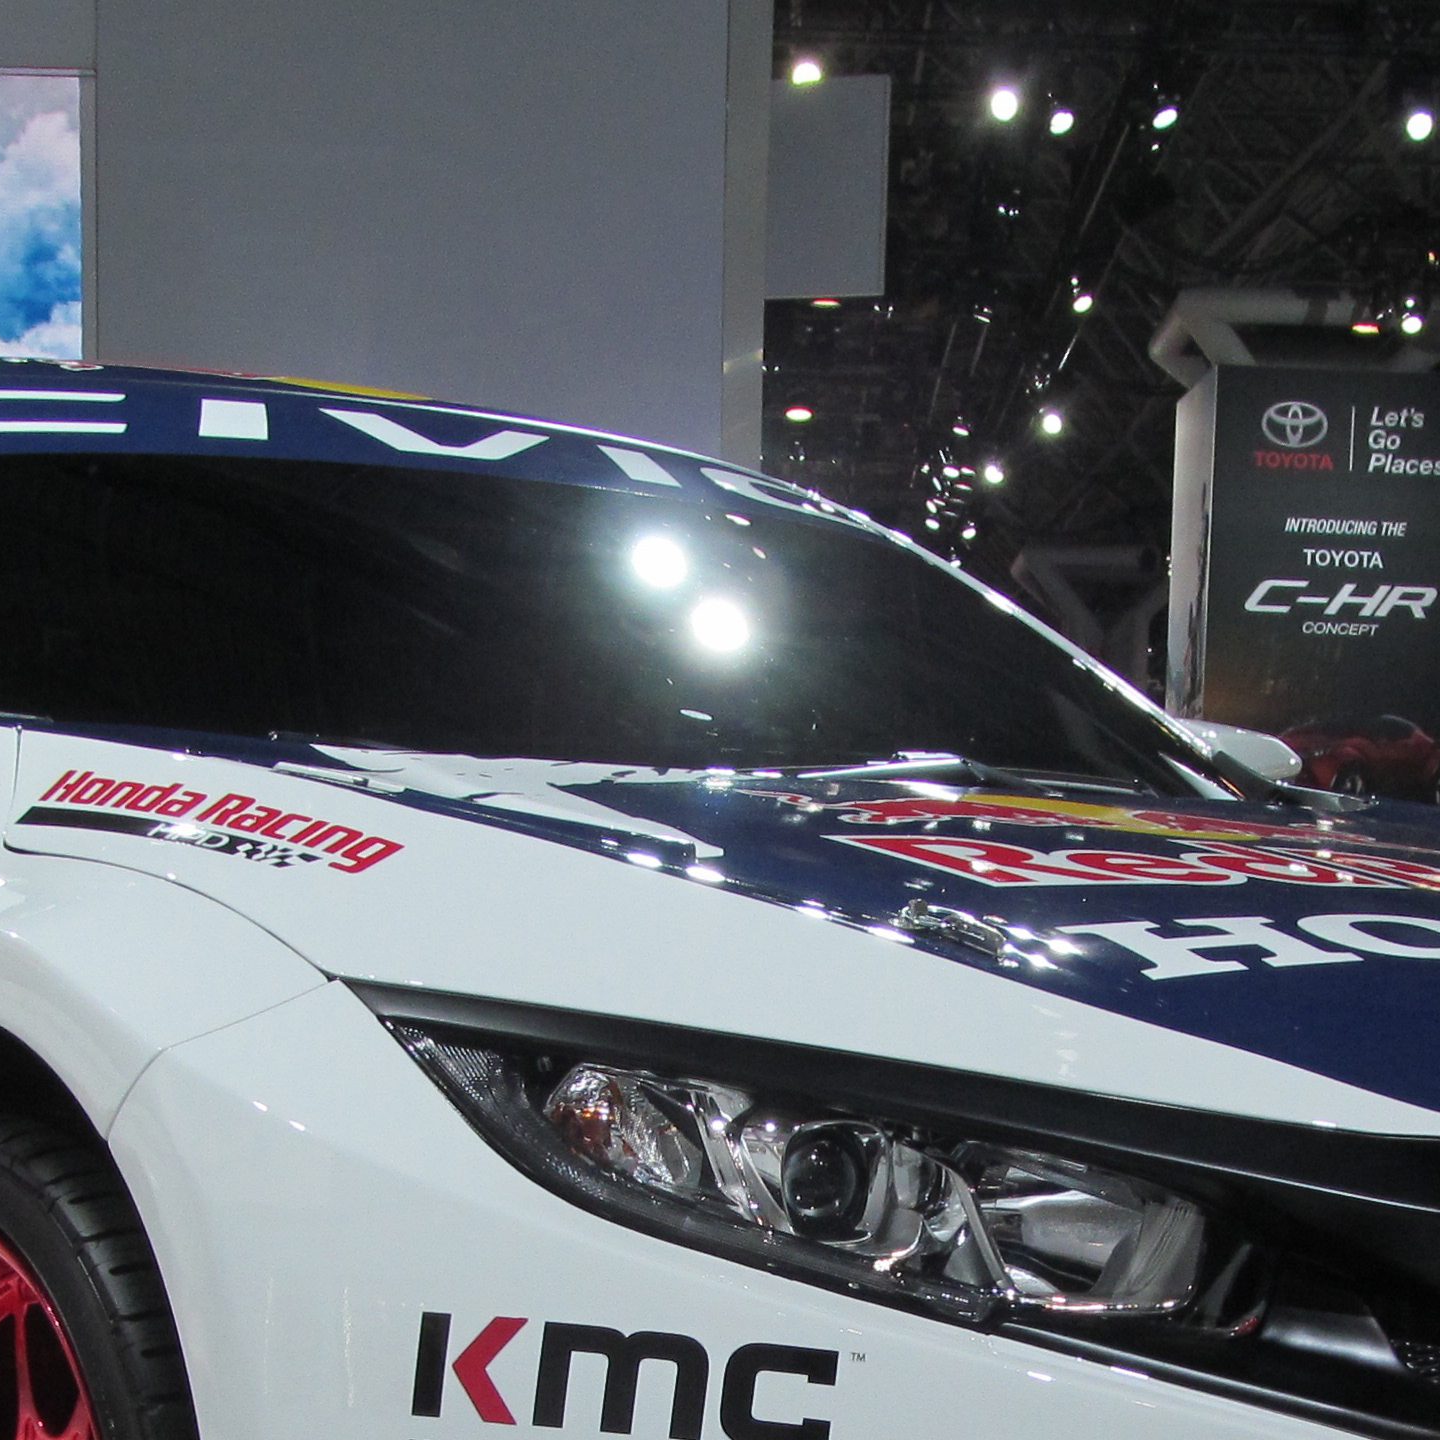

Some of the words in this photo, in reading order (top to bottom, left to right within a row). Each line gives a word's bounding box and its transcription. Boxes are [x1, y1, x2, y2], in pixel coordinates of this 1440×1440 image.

[1371, 406, 1425, 428] Let's
[1368, 430, 1401, 450] Go
[1254, 450, 1334, 472] TOYOTA
[1284, 517, 1379, 537] INTRODUCING
[1380, 521, 1407, 537] THE
[1303, 549, 1384, 569] TOYOTA
[1244, 579, 1438, 620] C-HR
[1302, 621, 1379, 637] CONCEPT
[38, 769, 201, 819] Honda
[195, 792, 406, 874] Racing
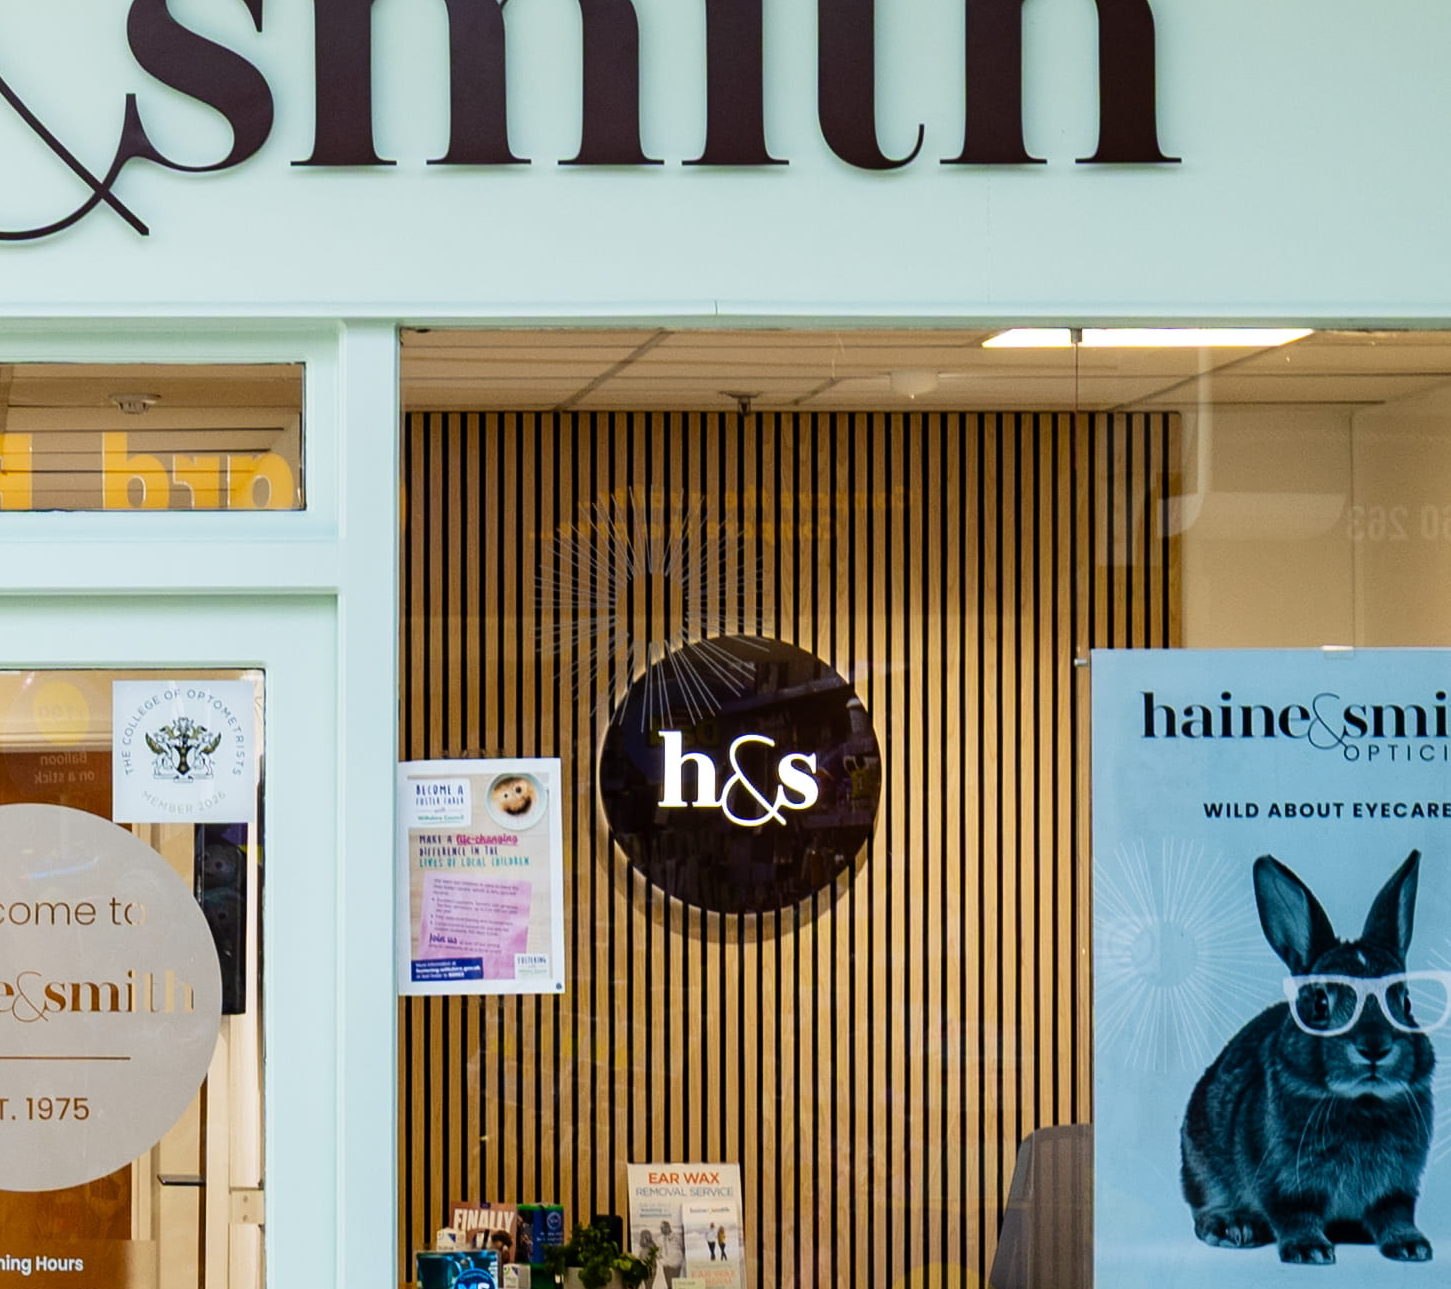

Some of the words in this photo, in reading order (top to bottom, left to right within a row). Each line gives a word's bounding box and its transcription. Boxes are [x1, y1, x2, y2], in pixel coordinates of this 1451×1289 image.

[122, 695, 161, 745] COLLEGE
[186, 688, 246, 776] OPTOMETRISTS
[657, 729, 821, 828] h&s
[416, 784, 451, 796] BECOME
[141, 790, 193, 815] MEMBER
[1203, 803, 1260, 819] WILD
[1267, 803, 1343, 819] ABOUT
[419, 834, 442, 844] MAKE
[419, 846, 467, 857] DIFFERENCE
[419, 858, 443, 868] LIVES
[461, 857, 487, 868] LOCAL
[491, 857, 530, 867] CHILDREN
[110, 896, 146, 926] to
[26, 1097, 90, 1121] 1975
[648, 1172, 679, 1184] EAR
[683, 1172, 720, 1184] WAX
[635, 1186, 686, 1197] REMOVAL
[690, 1186, 734, 1197] SERVICE
[453, 1208, 516, 1230] FINALLY
[35, 1255, 85, 1272] Hours

### WHAT NEEDS TO BE DONE
Please copy the preceding records exactly and omit the images.

### RESULT OF THE TASK
Some of the words in this photo, in reading order (top to bottom, left to right within a row). Each line gives a word's bounding box and its transcription. Boxes are [x1, y1, x2, y2], in pixel coordinates of this 1440×1440 image.

[1371, 406, 1425, 428] Let's
[1368, 430, 1401, 450] Go
[1254, 450, 1334, 472] TOYOTA
[1284, 517, 1379, 537] INTRODUCING
[1380, 521, 1407, 537] THE
[1303, 549, 1384, 569] TOYOTA
[1244, 579, 1438, 620] C-HR
[1302, 621, 1379, 637] CONCEPT
[38, 769, 201, 819] Honda
[195, 792, 406, 874] Racing

Some of the words in this photo, in reading order (top to bottom, left to right within a row). Each line gives a word's bounding box and its transcription. Boxes are [x1, y1, x2, y2], in pixel coordinates of this 1451×1289 image.

[122, 695, 161, 745] COLLEGE
[186, 688, 246, 776] OPTOMETRISTS
[657, 729, 821, 828] h&s
[416, 784, 451, 796] BECOME
[141, 790, 193, 815] MEMBER
[1203, 803, 1260, 819] WILD
[1267, 803, 1343, 819] ABOUT
[419, 834, 442, 844] MAKE
[419, 846, 467, 857] DIFFERENCE
[419, 858, 443, 868] LIVES
[461, 857, 487, 868] LOCAL
[491, 857, 530, 867] CHILDREN
[110, 896, 146, 926] to
[26, 1097, 90, 1121] 1975
[648, 1172, 679, 1184] EAR
[683, 1172, 720, 1184] WAX
[635, 1186, 686, 1197] REMOVAL
[690, 1186, 734, 1197] SERVICE
[453, 1208, 516, 1230] FINALLY
[35, 1255, 85, 1272] Hours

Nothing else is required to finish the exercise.